5. Don’t over- or under-sequence

Getting the most information possible out of every sequencing read can also reduce costs by avoiding over- or under-sequencing your libraries. Over-sequencing leads to obvious unwanted waste. In contrast, “under-sequencing can reduce overall confidence in variant calling due to minimal variant-supporting reads,” says Masser. “Additional sequencing is then required to increase the read depth in hopes of increasing confidence in variant calling, resulting in increased sequencing costs.”

6. Use multiplexing and automation

Multiplexing NGS samples whenever possible is a dependable source of savings. “This can require some coordination of indexing schemes but, if a process is in place to keep sample submissions orderly, many samples can be run simultaneously on a single lane of a NovaSeq to save costs,” says Hoppers. This requires some planning and forethought, but molecular indexing and bioinformatics makes this relatively straightforward.

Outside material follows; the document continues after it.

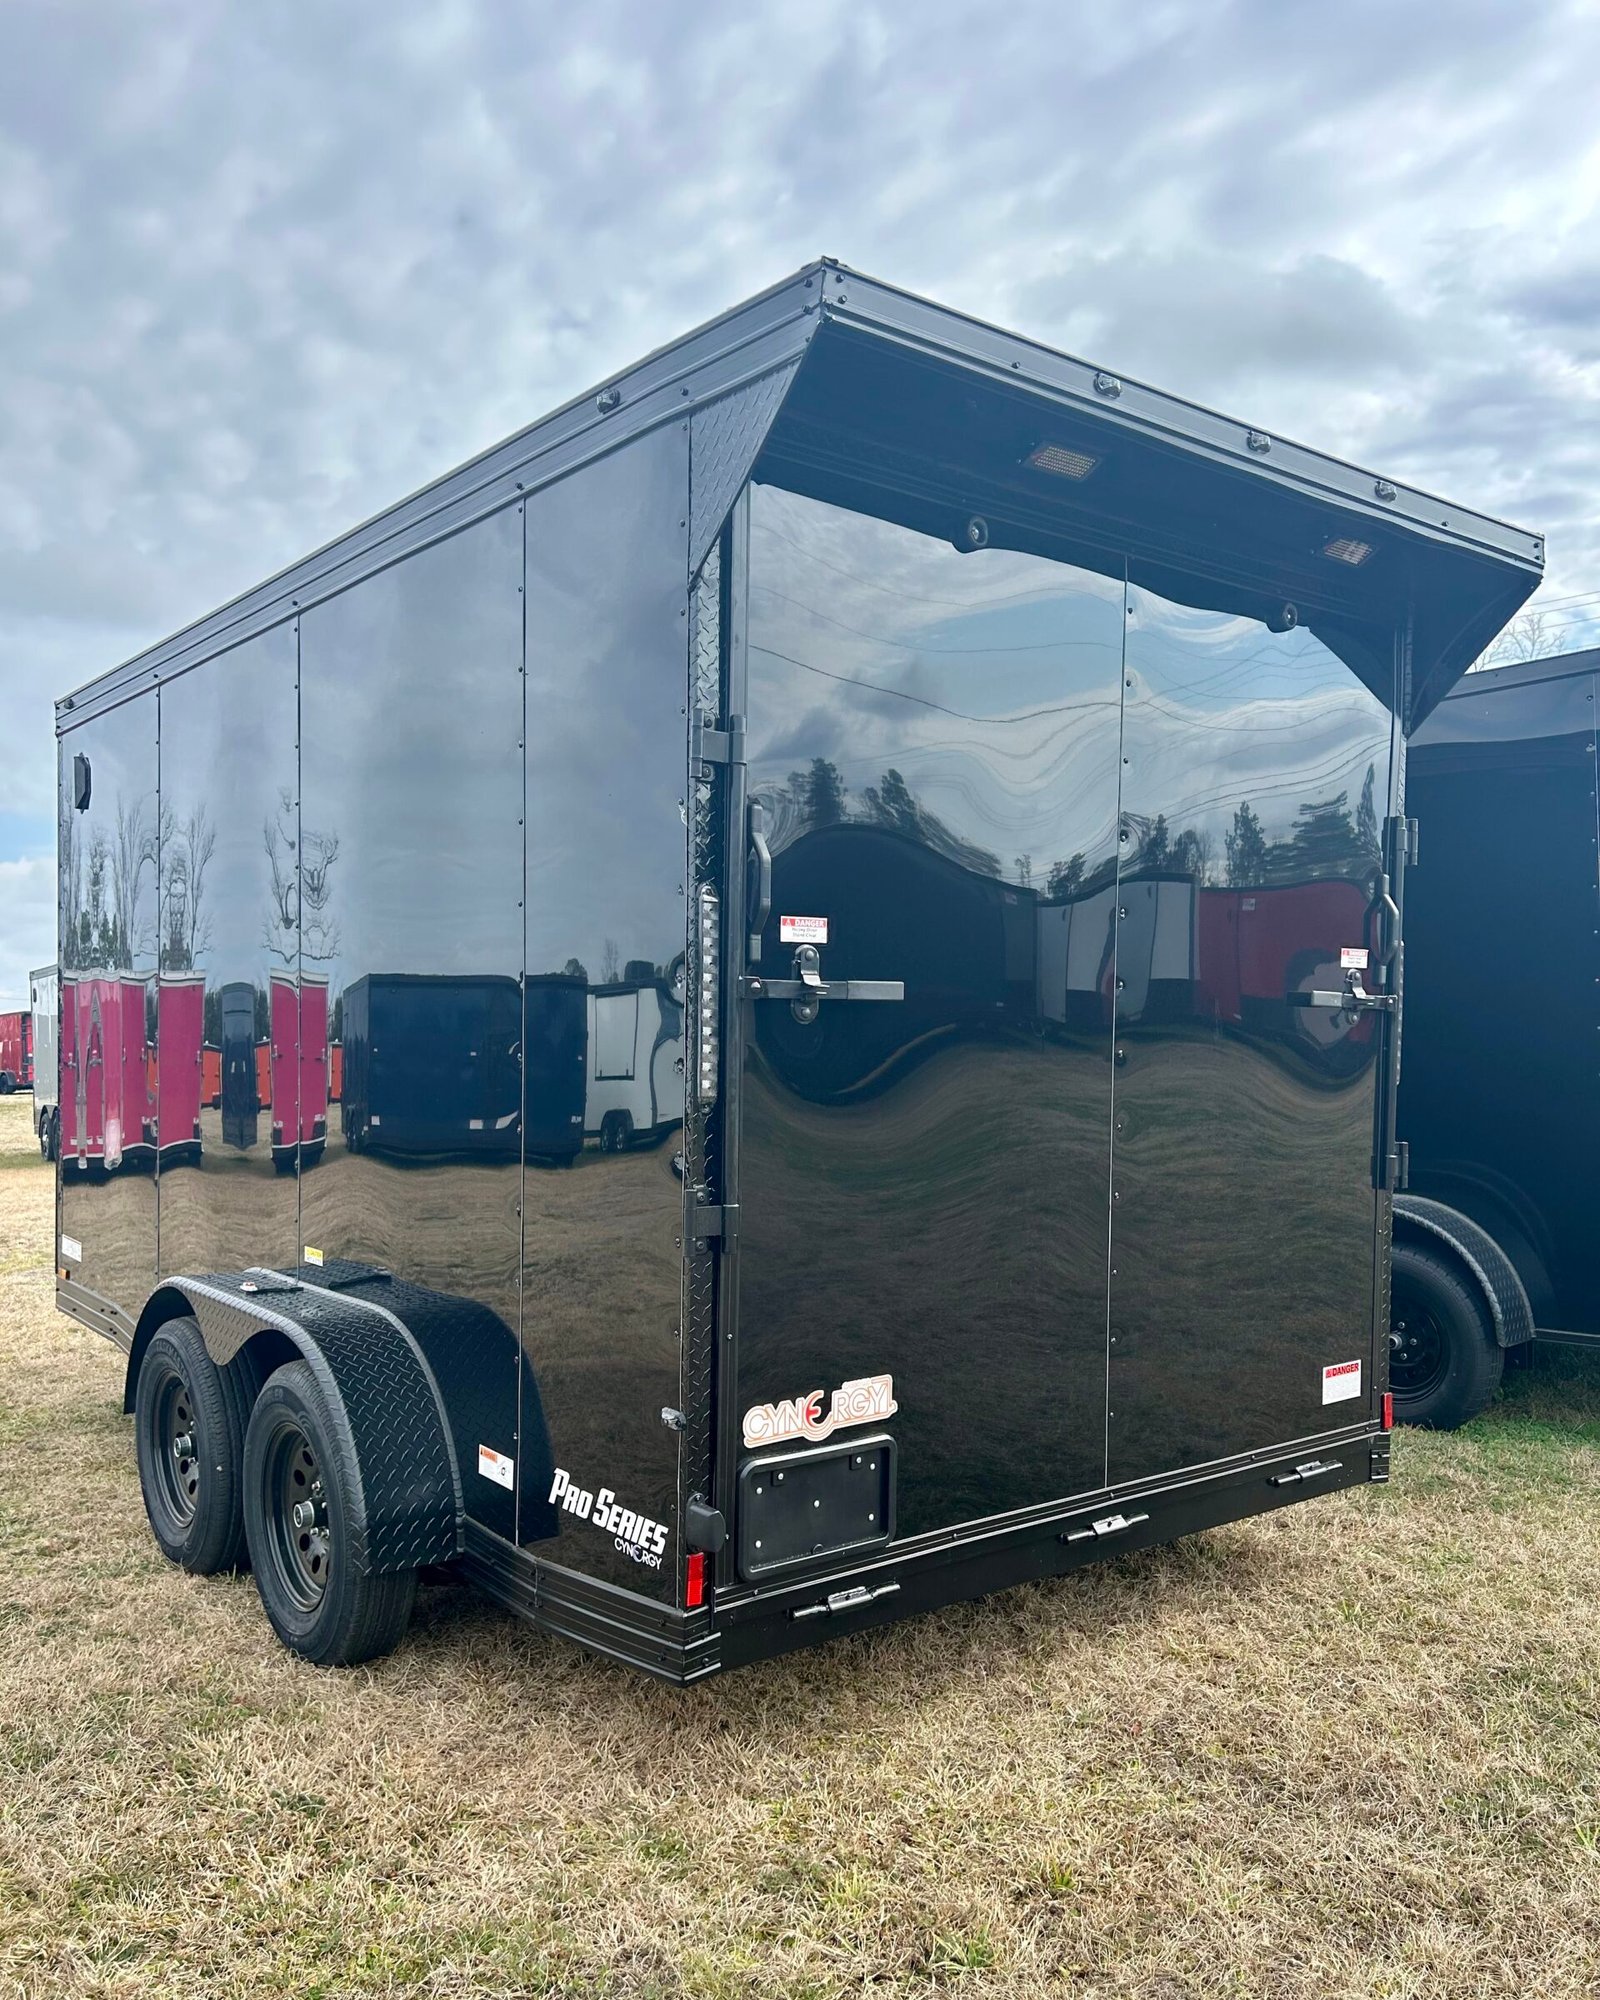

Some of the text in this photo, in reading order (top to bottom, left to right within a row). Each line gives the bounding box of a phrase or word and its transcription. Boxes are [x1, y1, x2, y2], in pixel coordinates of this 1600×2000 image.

Automation is another dependable cost-cutter, as it increases throughput and eliminates human errors. However, its implementation is not without occasional growing pains. “Perhaps one of the most difficult, but potentially dramatic, ways to save on NGS is investing in a high-quality liquid-handing automation system,” says Hoppers. “The upfront costs of purchasing and optimizing such a system can be prohibitive, but if the expense can be tolerated, the savings in time, increased reproducibility, and much higher throughput will offset the initial costs over time.”

7. Ignorance isn’t bliss

One of the biggest hidden NGS costs that can creep up over time is ignorance. Periodic reassessment of workflows, reagents, and techniques can save time and money. Your lab’s sample throughput may have increased over time to the extent that automation is now advisable, even if it wasn’t last year. “While implementing automation solutions can be challenging initially, because of capital equipment costs and validation work, they will yield long-term cost savings compared to continuing with manual library generation,” says Masser. Additionally, reagent suppliers regularly release updated or new products to make NGS library prep faster or more efficient, so a periodic check—like updating your computer’s operating system—is a good idea.

Lastly, try to keep abreast of the latest NGS techniques. “The biggest thief of potential cost savings is being unaware of new techniques in NGS,” says Hoppers. “NGS is a fast-changing field, so it can be difficult to keep up with changing strategies, and challenging to change an established protocol or workflow in the lab when everything is already working well enough.” But occasionally trying a new NGS technique or library-prep kit might be worth much more in future savings.